The Central Features of the Virginia Plan
On May 29, Edmund Randolph introduced the Virginia Plan containing 15 Resolutions.
Why Was the Virginia Plan Necessary?
Echoing, Madison’s Vices of April 1787, he itemized five reasons why the Articles of Confederation must be radically altered.
- “It does not provide against foreign attacks.”
- “It does not secure Harmony to the States.”
- “It is incapable of producing certain blessings to the States.”
- “It cannot defend itself against encroachments.”
- “It is not superior to State constitutions.”
Key Features of the Virginia Plan
The single most important reason why the delegates were gathered was because of what Madison referred to as the multiplicity, mutability, and injustice of legislation at the state level. To correct these deficiencies, the Virginia Plan removed the state legislatures both structurally, and in terms of powers, from any place in the new continental arrangement. Most importantly,
- The National Legislature should consist of two branches.
- The people of each State should elect the First Branch of the National Legislature. The Second Branch of the National Legislature should be elected by the first.
- The National Legislature shall have power “to legislate in all cases to which the separate States are incompetent,” and “to negative all laws passed by the States, contravening in the opinion of the National Legislature the articles of Union.”
- The National Legislature shall elect a National Executive.
- The Executive and a number of National Judiciary will form a Council of Revision. This Council will review laws passed by the National Legislature and have the power to reject the laws, unless the National Legislature can pass the act again.
- The National Legislature will create the National Judiciary. The structure will consist of one or more supreme tribunals and inferior tribunals. Judges will be appointed for life, during good behavior.
- State Legislatures, Executives, and Judges are to be bound by oath to support the Articles.

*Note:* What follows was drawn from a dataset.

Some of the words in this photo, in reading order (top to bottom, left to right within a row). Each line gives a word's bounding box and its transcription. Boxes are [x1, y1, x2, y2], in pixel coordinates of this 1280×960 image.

- The new plan for government should be ratified by the people, through assemblies of representatives chosen by the people.

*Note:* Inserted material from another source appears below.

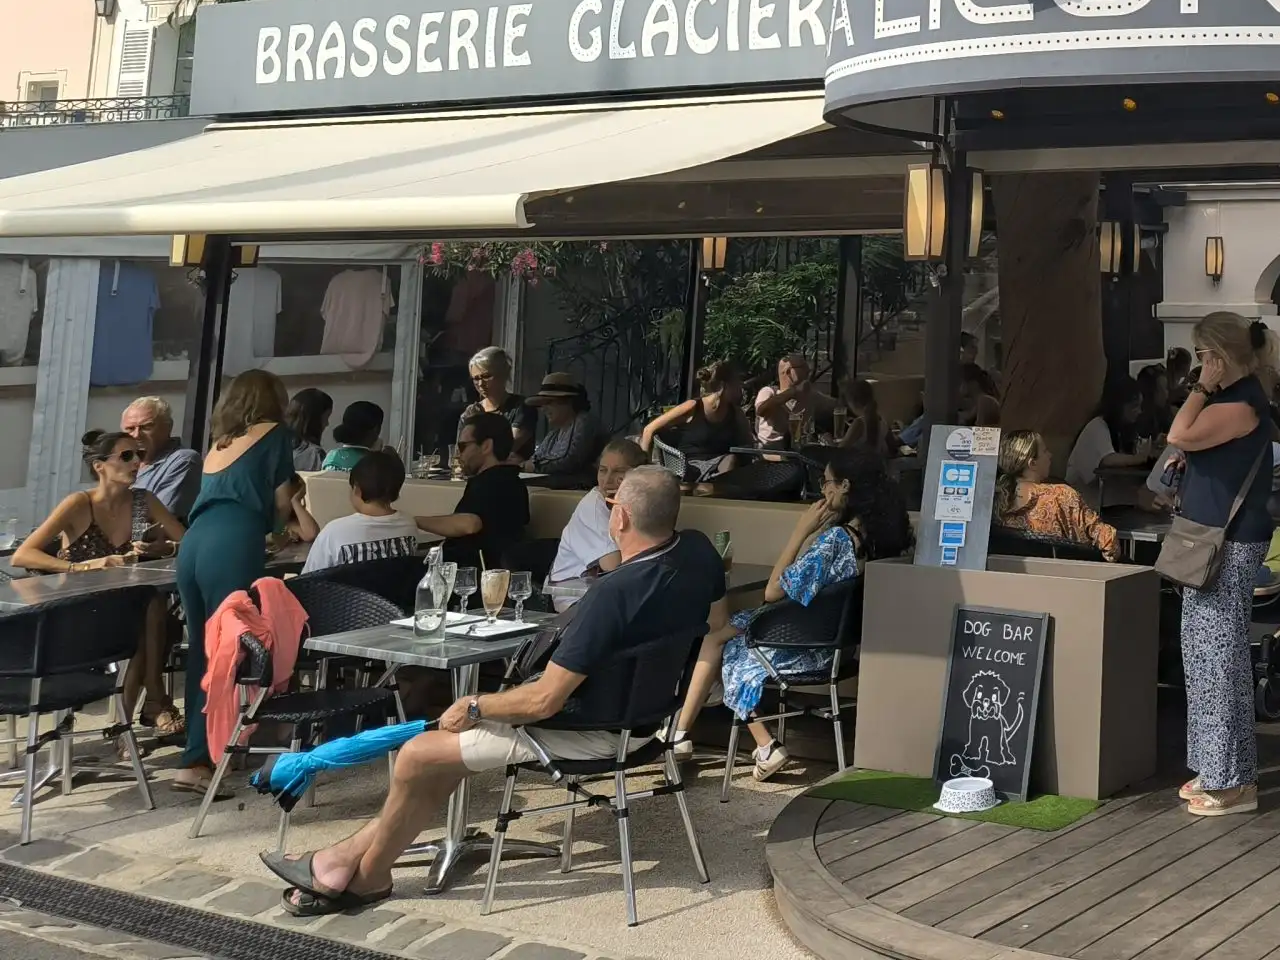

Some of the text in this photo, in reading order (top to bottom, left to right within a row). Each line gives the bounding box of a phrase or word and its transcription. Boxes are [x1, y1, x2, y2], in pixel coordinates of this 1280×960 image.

[254, 2, 533, 86] BRASSERIE
[964, 620, 1034, 642] DOG BAR
[962, 644, 1027, 666] WELCOME
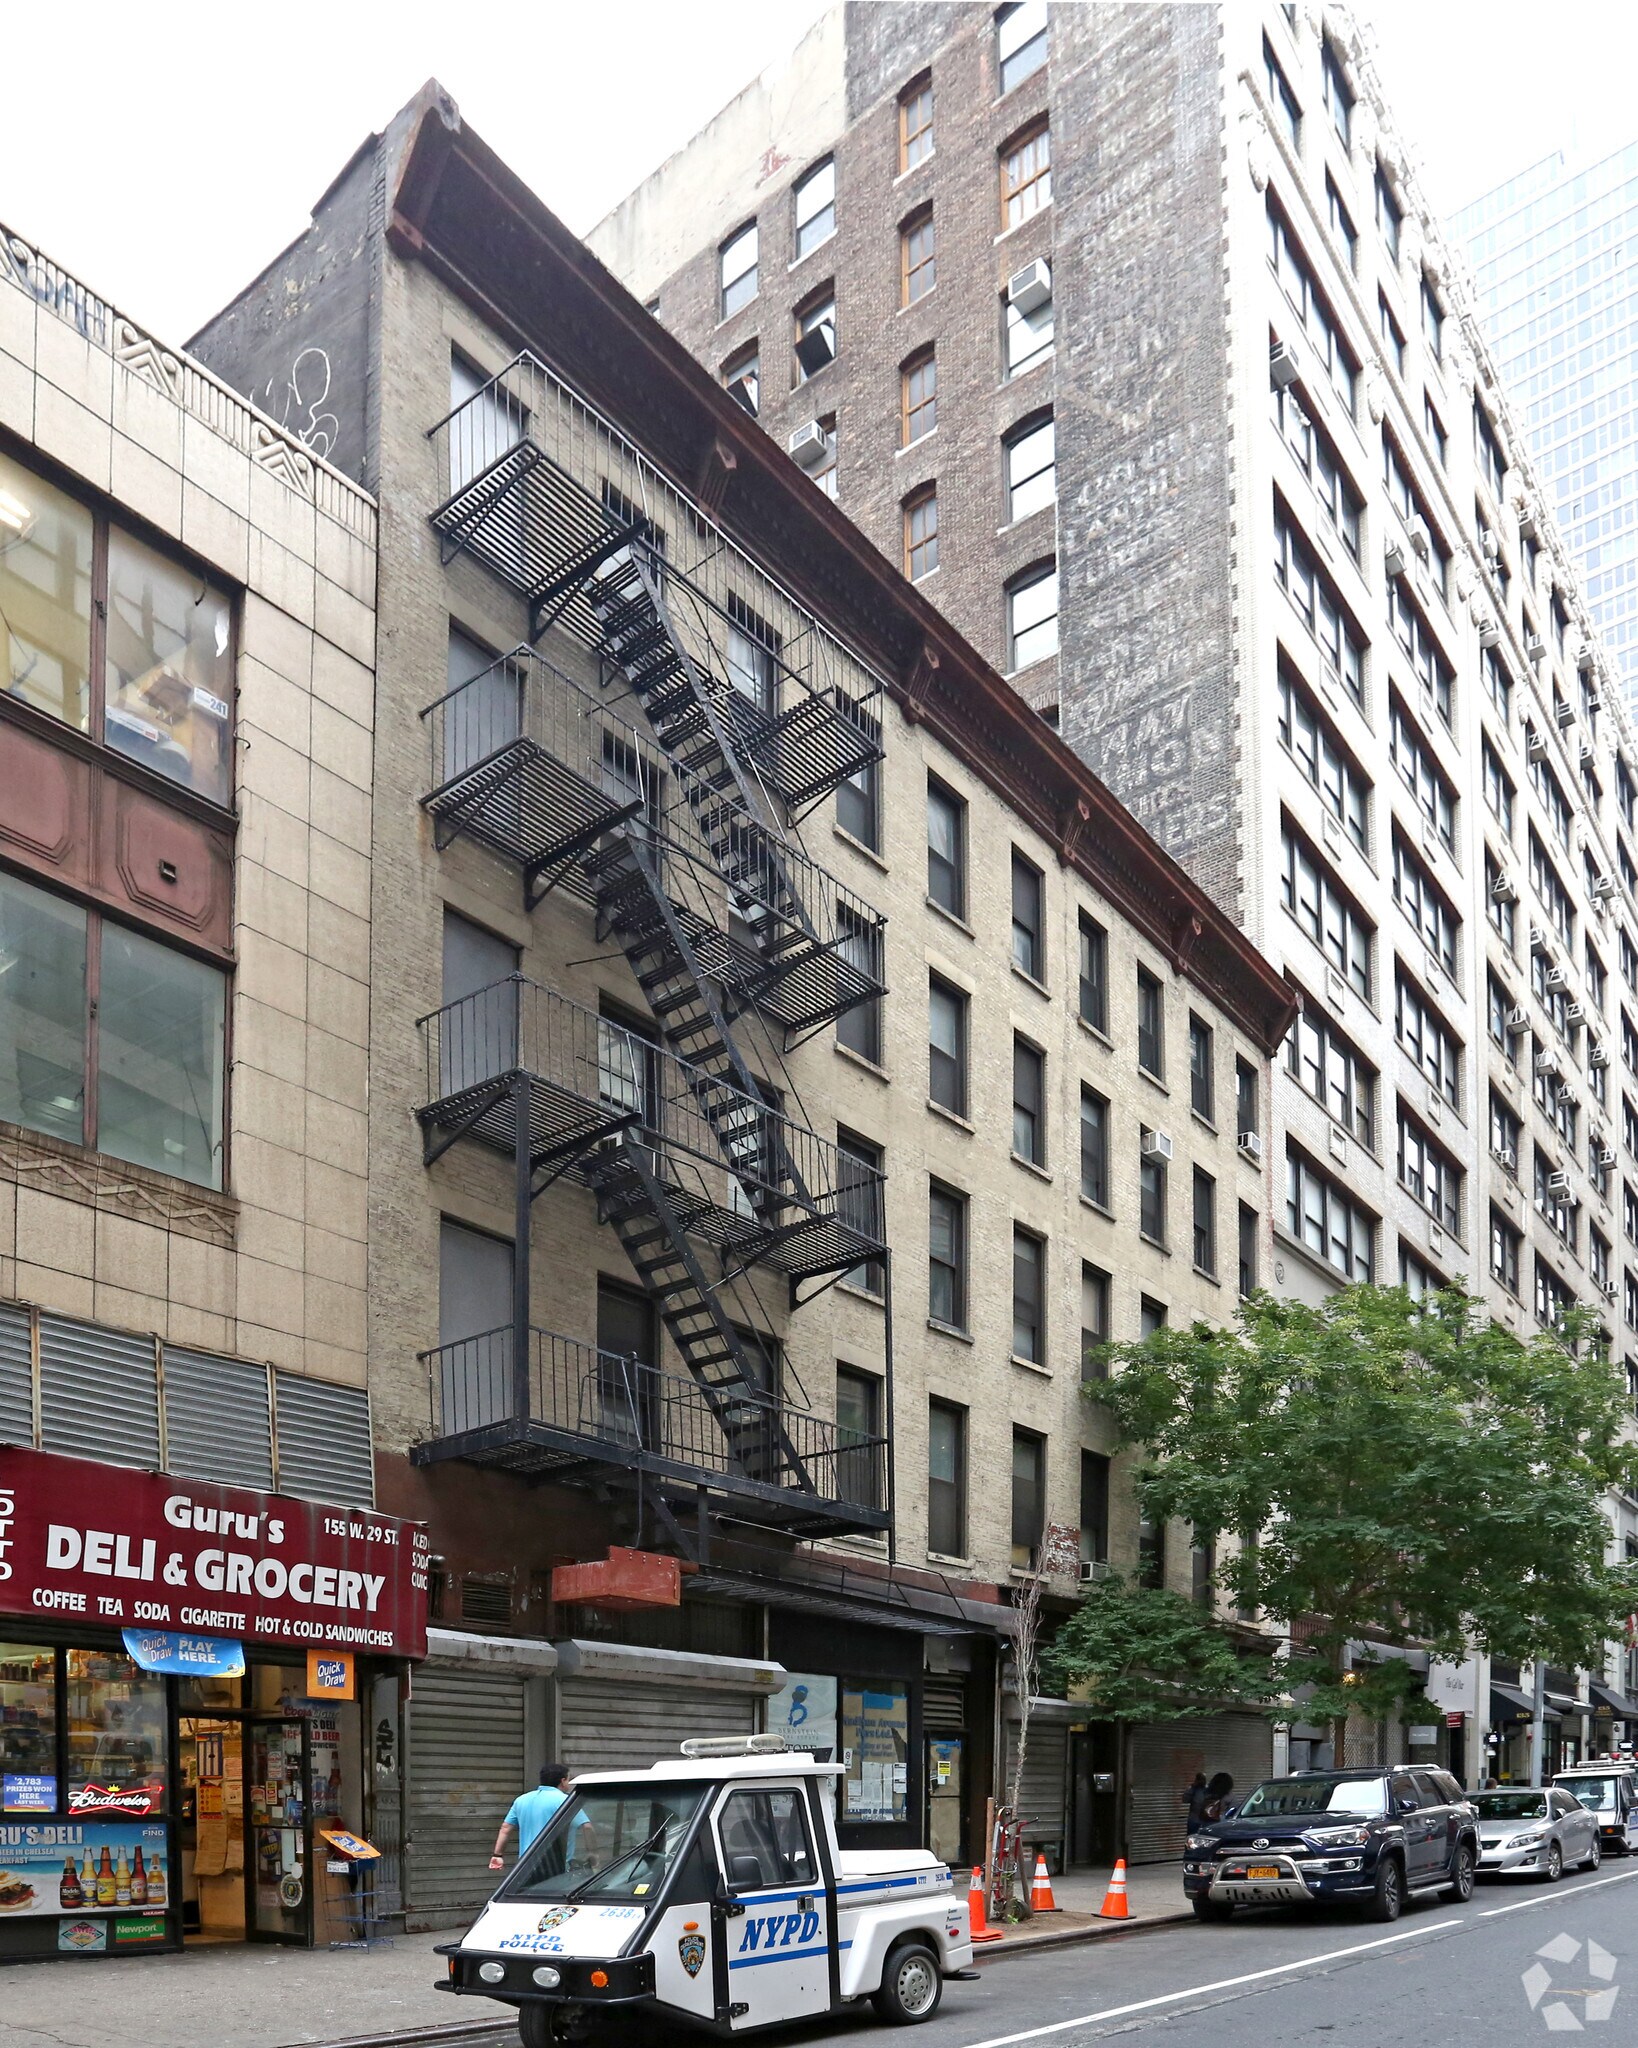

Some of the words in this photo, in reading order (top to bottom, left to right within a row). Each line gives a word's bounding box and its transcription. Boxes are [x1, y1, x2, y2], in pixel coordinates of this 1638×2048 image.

Madison’s Extended Republic Theory
The “oracle” Montesquieu had argued that for a people to remain free, they must reside in small, homogeneous communities. Public virtue was needed to secure a republic and this sentiment was endangered in large, heterogeneous communities. It is the unique contribution of Madison to challenge this traditional theory of self-government head on. In fact, he stands it on its head! His first verbal articulation of this position occurs on June 6 where he argues that majority faction is the mortal disease of popular government and traditional solutions to factious politics will no longer work. He thus directly challenges the traditional claim that people are happier in small republics. Just the opposite; unless we spread people out over an extended orbit and filter their opinions, passions, and interests through a scheme of representation, then popular government will come to a violent end. This speech is the precursor to the famous Federalist 10 essay and is part of the political theory underlying the Virginia Plan.

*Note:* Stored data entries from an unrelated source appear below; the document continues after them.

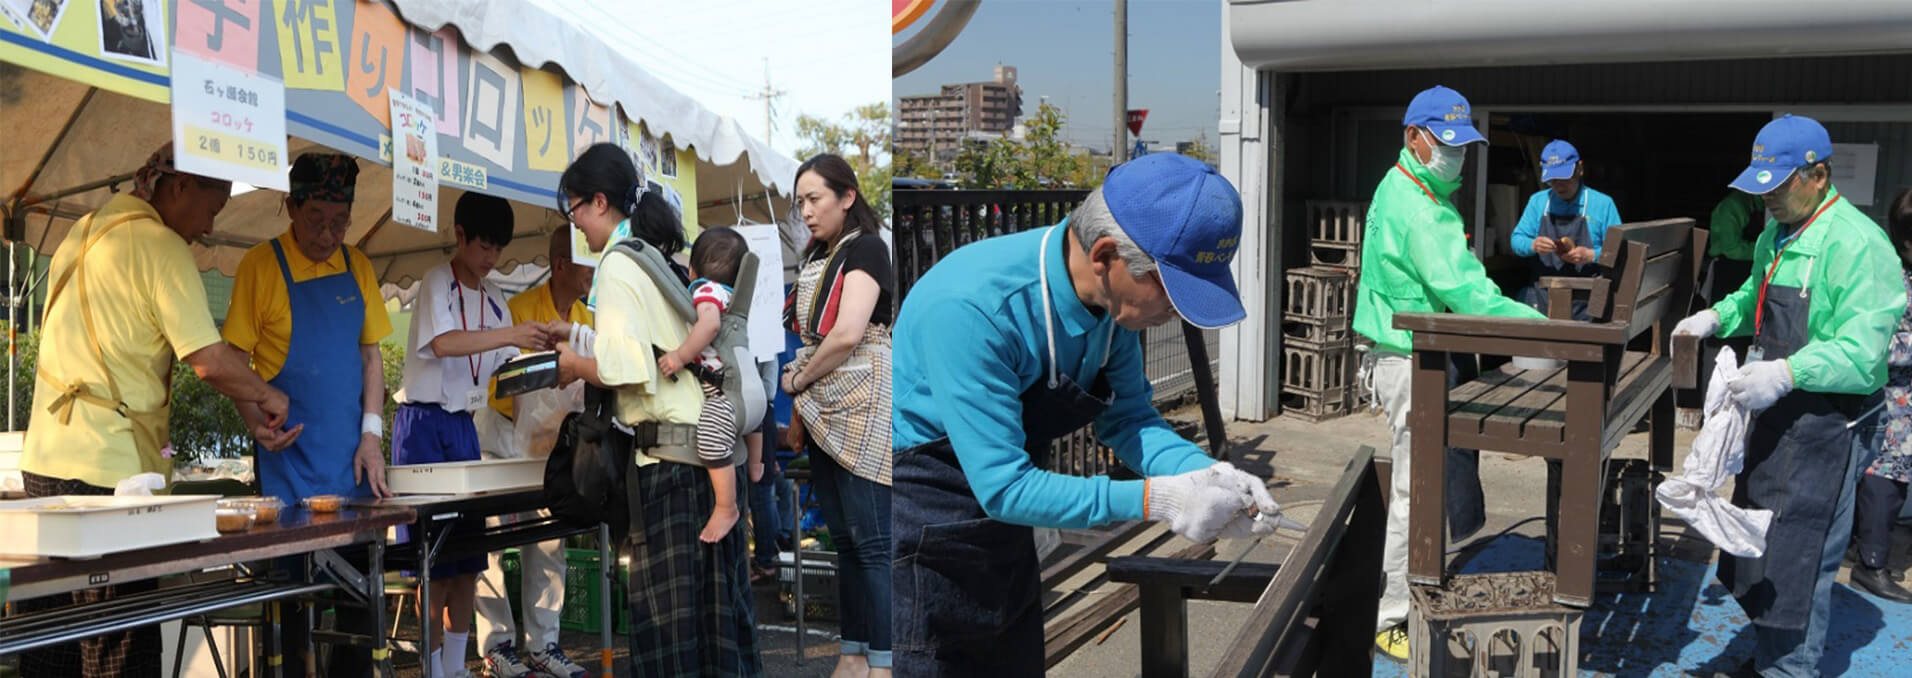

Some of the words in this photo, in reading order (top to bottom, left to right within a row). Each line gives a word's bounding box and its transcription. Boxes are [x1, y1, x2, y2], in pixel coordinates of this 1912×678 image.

[211, 111, 254, 133] コロッケ
[199, 135, 221, 154] 2個
[238, 143, 278, 166] 150円
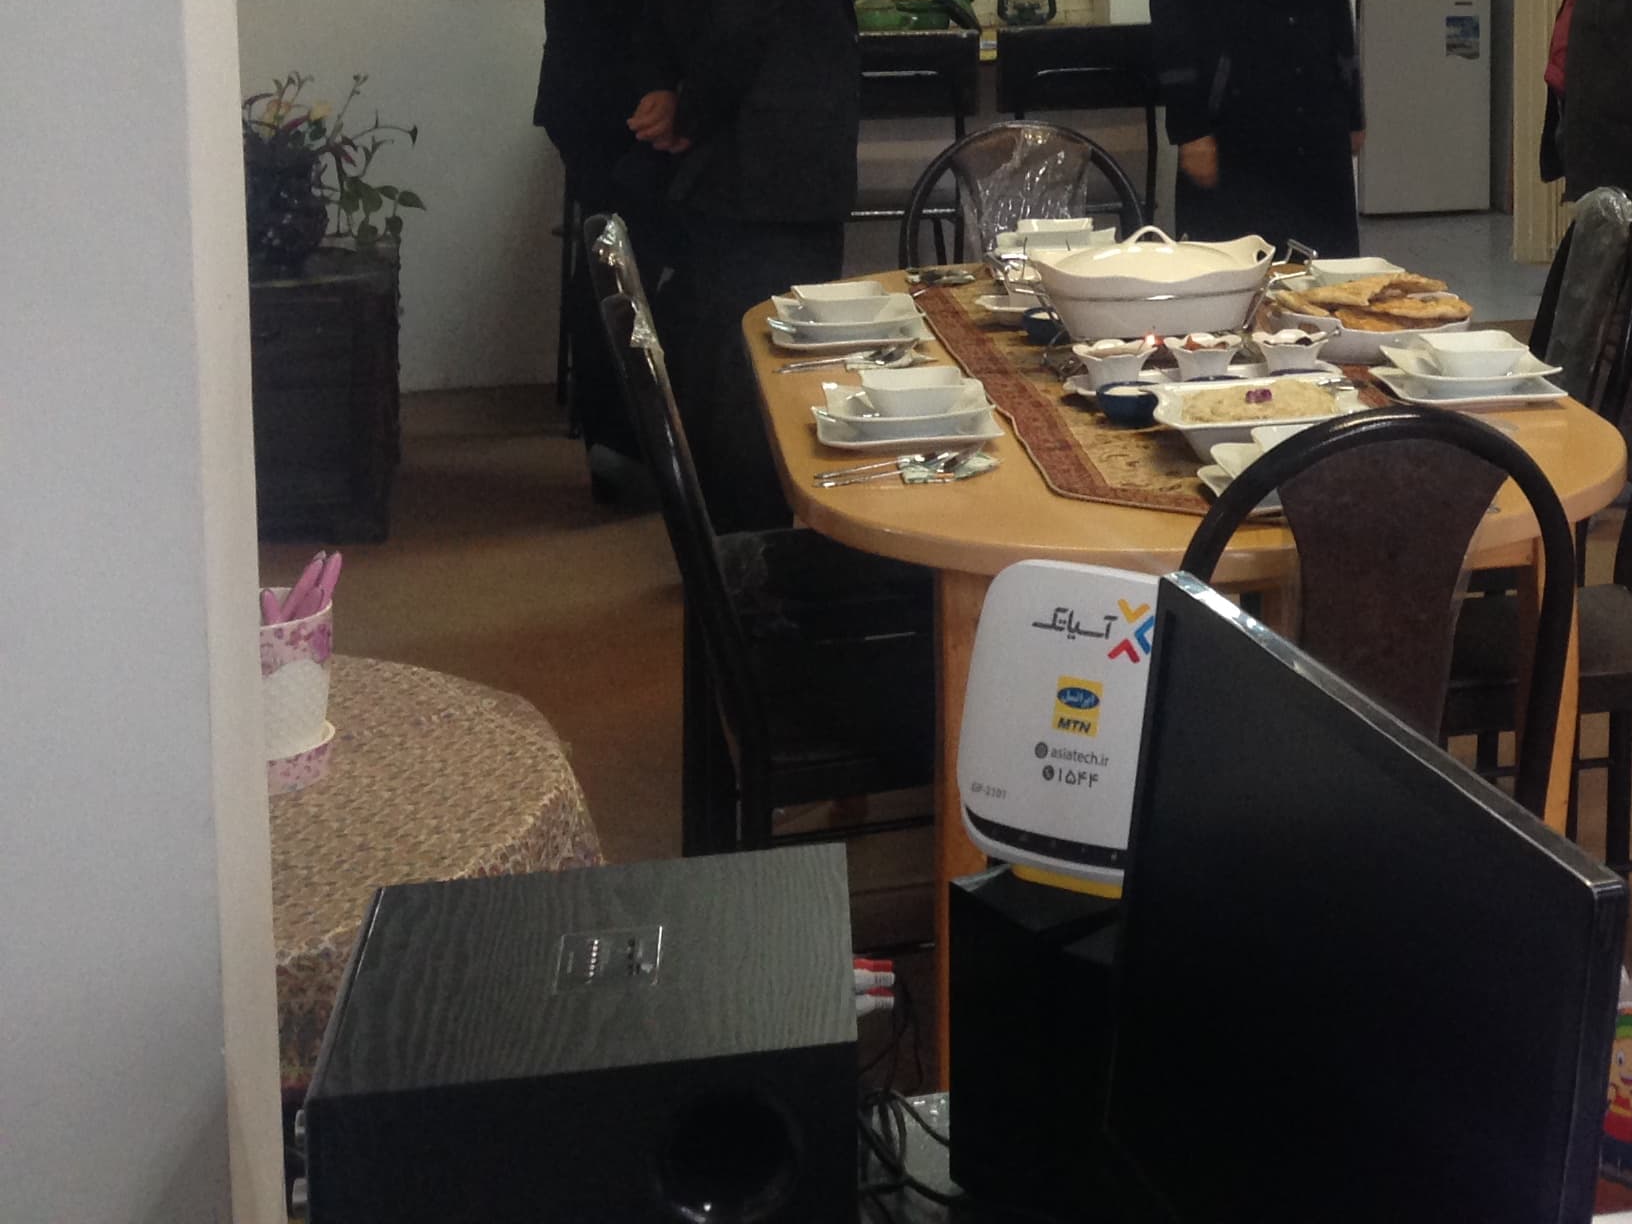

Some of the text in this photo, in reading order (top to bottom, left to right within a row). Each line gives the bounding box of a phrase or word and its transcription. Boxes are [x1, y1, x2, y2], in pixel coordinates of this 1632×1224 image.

[1031, 607, 1118, 641] آسیاتک
[1055, 717, 1092, 734] MTN
[1050, 747, 1109, 768] asiatech.ir
[1058, 770, 1099, 788] ۱۵۴۴

There is a division of opinion in the scholarly literature concerning the motivation behind the introduction of the Virginia Plan. Some scholars credit Madison for his strategic brilliance in shifting the attention away from revising the Articles of Confederation to this new and bold plan. Other interpreters point out that it was introduced by Virginia, the largest state, that would benefit in terms of representation at the expense of the smaller states who received equal representation under the Articles of Confederation. A number of political theorists portray the Virginia Plan as making the novel case for “the large republic” theory over against the traditional “small republic” theory articulated by Roger Sherman on June 6. What is clear from both Randolph’s arguments on May 29 and Madison’s position on June 6 is that the Virginians saw state legislatures, in both large and small states, as dangerous to liberty and justice. What is also clear is that Madison sees no principled reason for the equal representation of states qua states.)